Thursday, March 1, 2012

Access to Healthcare (Blog 4)

This blog briefly analyzes of the access to healthcare and innovations that are occurring in America.

The Dartmouth Atlas Project went on for 20 years to evaluate hospitals and physicians in various regions. Their research has lead to the improvement in healthcare efficiency and effectiveness. (http://www.dartmouthatlas.org/tools/)

Whether healthcare is a right or a privilege is at the centre of the healthcare debate in America. According to the Universal Declaration of Human Rights as agreed upon by the United Nations, Article 25 states: “Everyone has the right to a standard of living adequate for the health and well-being of himself and of his family, including food, clothing, housing and medical care…” (http://www.un.org/en/documents/udhr/) By that definition healthcare is a right but what is at issue is the definition of “adequate” care. In the United States no emergency room is allowed to turn away any patient regardless of their ability to pay. In Canada, all healthcare is covered by the government, with exceptions of some prescriptions. However if we look at the Democratic Republic of Congo (DRC), their version of healthcare, by our standards, is horrendous. Even though we from the West are less than impressed (to put it politely) with their healthcare, the locals are happy with it – it is better than having none. To be blunt, no matter how bad we think the healthcare that the poor here receive, it is amazing compared to the standards of “adequate” care elsewhere.

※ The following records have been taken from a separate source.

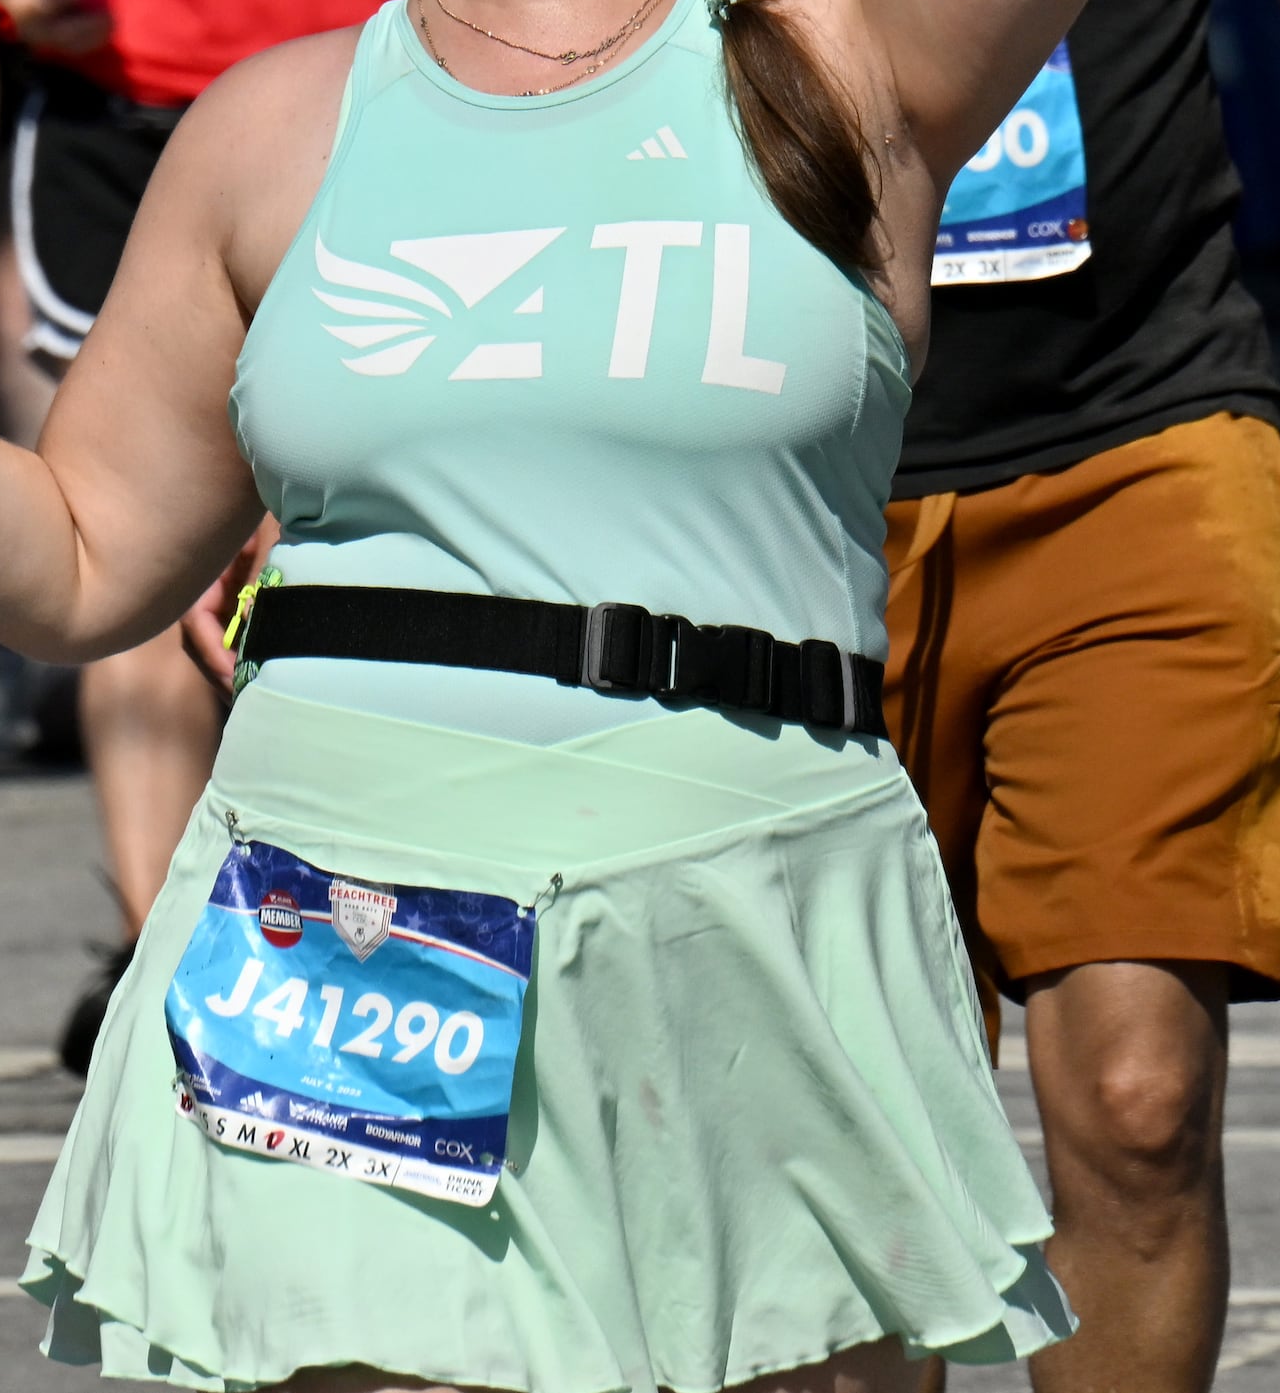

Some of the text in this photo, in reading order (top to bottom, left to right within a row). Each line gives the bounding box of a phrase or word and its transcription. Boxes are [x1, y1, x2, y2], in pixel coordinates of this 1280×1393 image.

[329, 887, 397, 910] PEACHTREE
[260, 909, 302, 930] MEMBER
[204, 956, 485, 1076] J41290
[301, 1075, 324, 1088] JULY
[216, 1117, 227, 1137] S
[237, 1123, 256, 1145] M
[289, 1138, 311, 1160] XL
[325, 1148, 353, 1170] 2X
[364, 1159, 391, 1178] 3X
[365, 1123, 422, 1149] BODYARMOR
[434, 1138, 475, 1165] COX
[445, 1184, 484, 1198] TICKET
[447, 1174, 484, 1188] DRINK
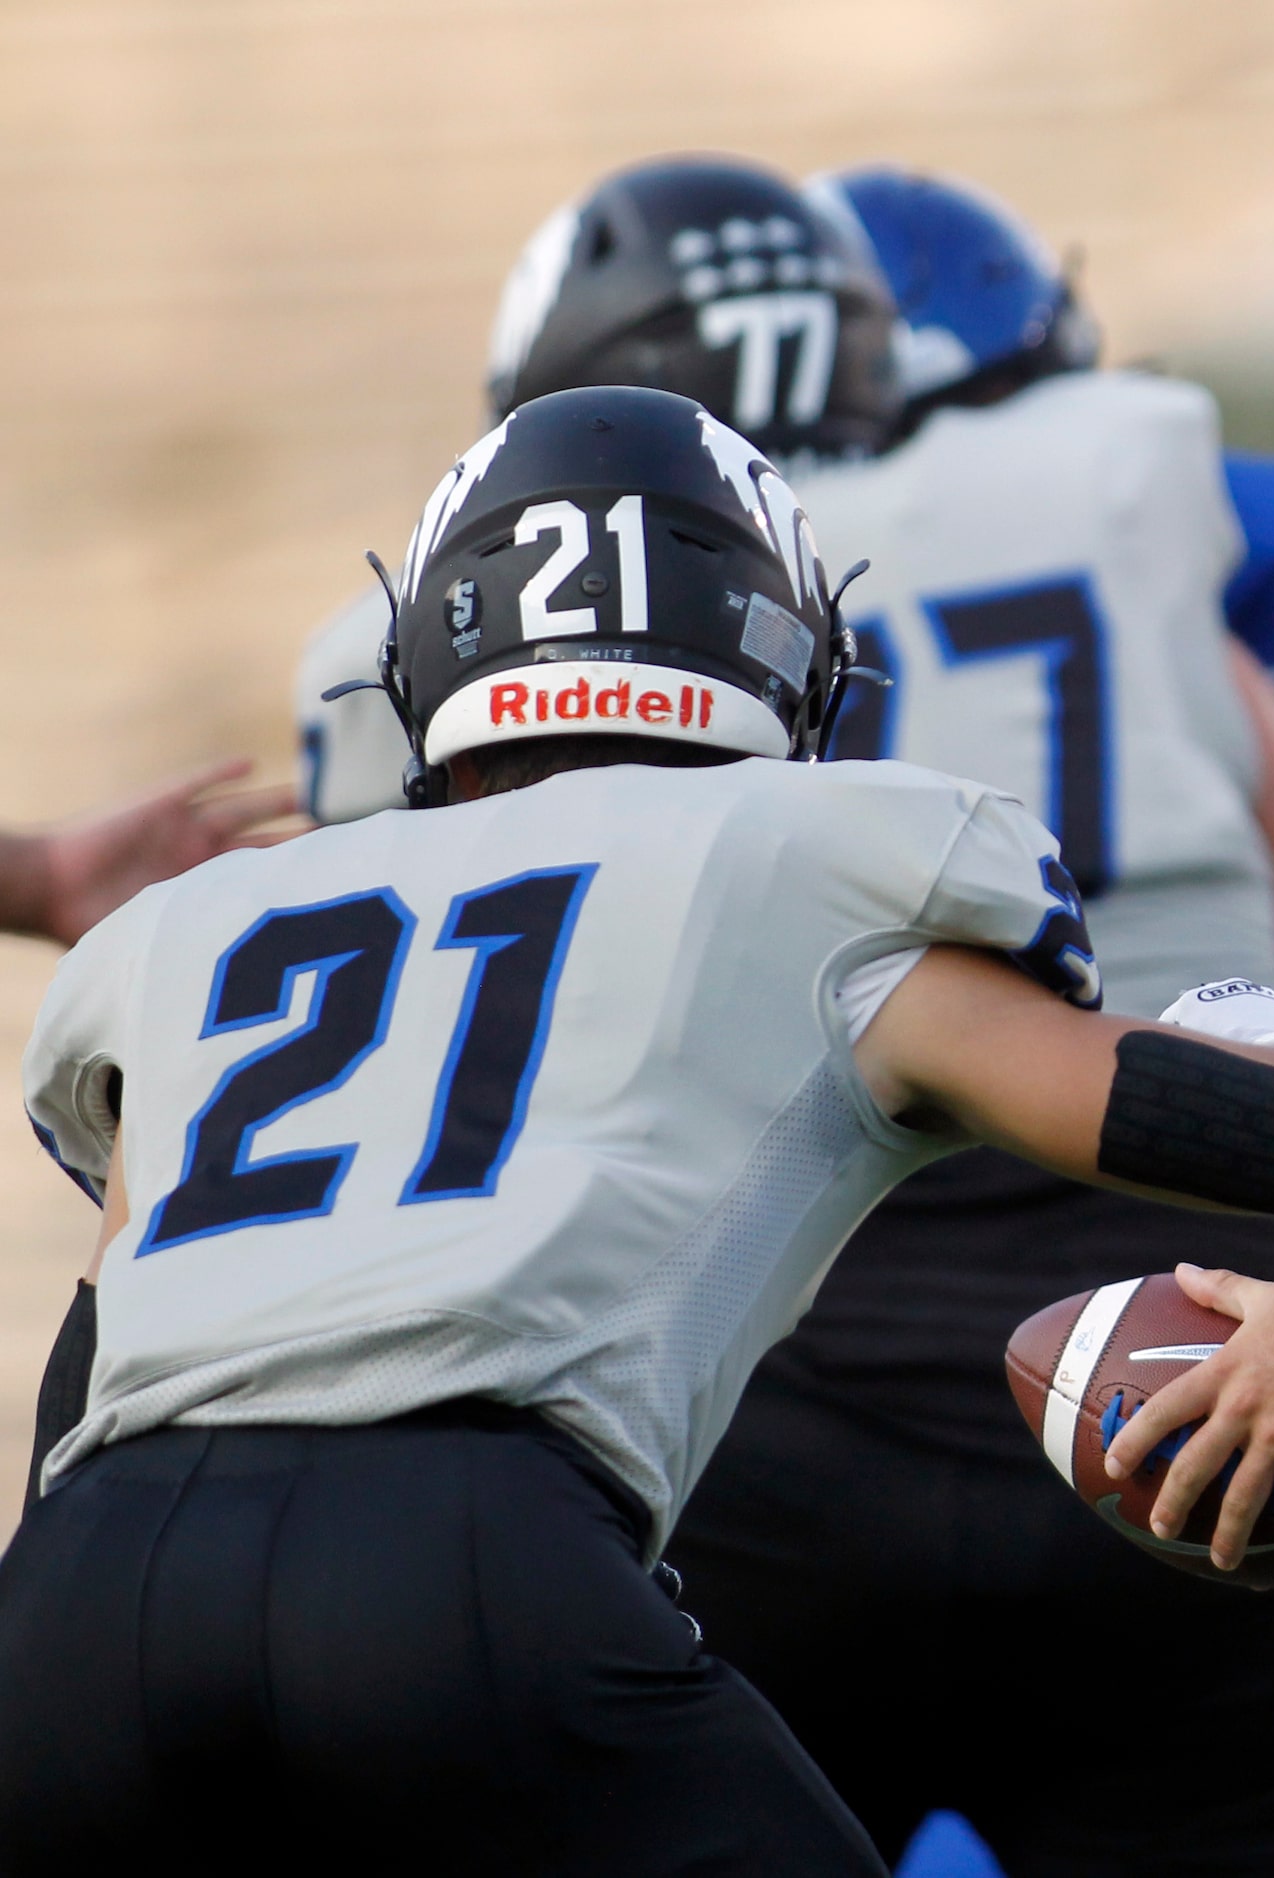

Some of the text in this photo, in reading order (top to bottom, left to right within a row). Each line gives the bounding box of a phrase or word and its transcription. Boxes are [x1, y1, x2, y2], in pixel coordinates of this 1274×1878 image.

There were various innovations that are being done within the system. I like how doctors have to answer emails and phone calls, despite the fact that they do not get paid to do so. That along with planning with patients and using computers to easily look at a patient’s history makes patient care very individualized. Doctors may have to spend more time with their patients but in the long run, the system will make doctor visits more productive and will be more efficient. Cost-cutting is also very helpful for patients.

An interesting innovation is shared-decision making. While I agree that the patient must have a voice in their treatment, sometimes the patient does not fully understand what is occurring. Despite explaining and doing research on the issues, patients may not get it. My friend, “Amanda”, and her family have spent countless hours researching epilepsy: treatments, side-effects, consequences and possibilities that could improve her situation. Despite this, her neurologist knows that ‘x’ will not work because of what he has seen with numerous of his patients. Also, medications list a lot of side-effects (in case the manufacturer is sued) but very few of them are important/common. Obviously a doctor is not going to do something without the patients consent but sometimes it is best to listen to the doctor’s advice. If you do not want his advice, you can always diagnose and treat yourself.

To a certain extent the medical system innovations discussed on the program are similar to aspects of healthcare in Canada. The innovations that are not in effect in Canada are very unlikely to be implemented. There are no incentives for the Canadian doctors to change their practice. There is a serious shortage of doctors, thus there is no difficulty getting/keeping patients. Since there is such a demand for doctors, there is no reason for there to be any change in the system. The demand for doctors is so high that they even recruit doctors in the Democratic Republic of Congo to work in Canada!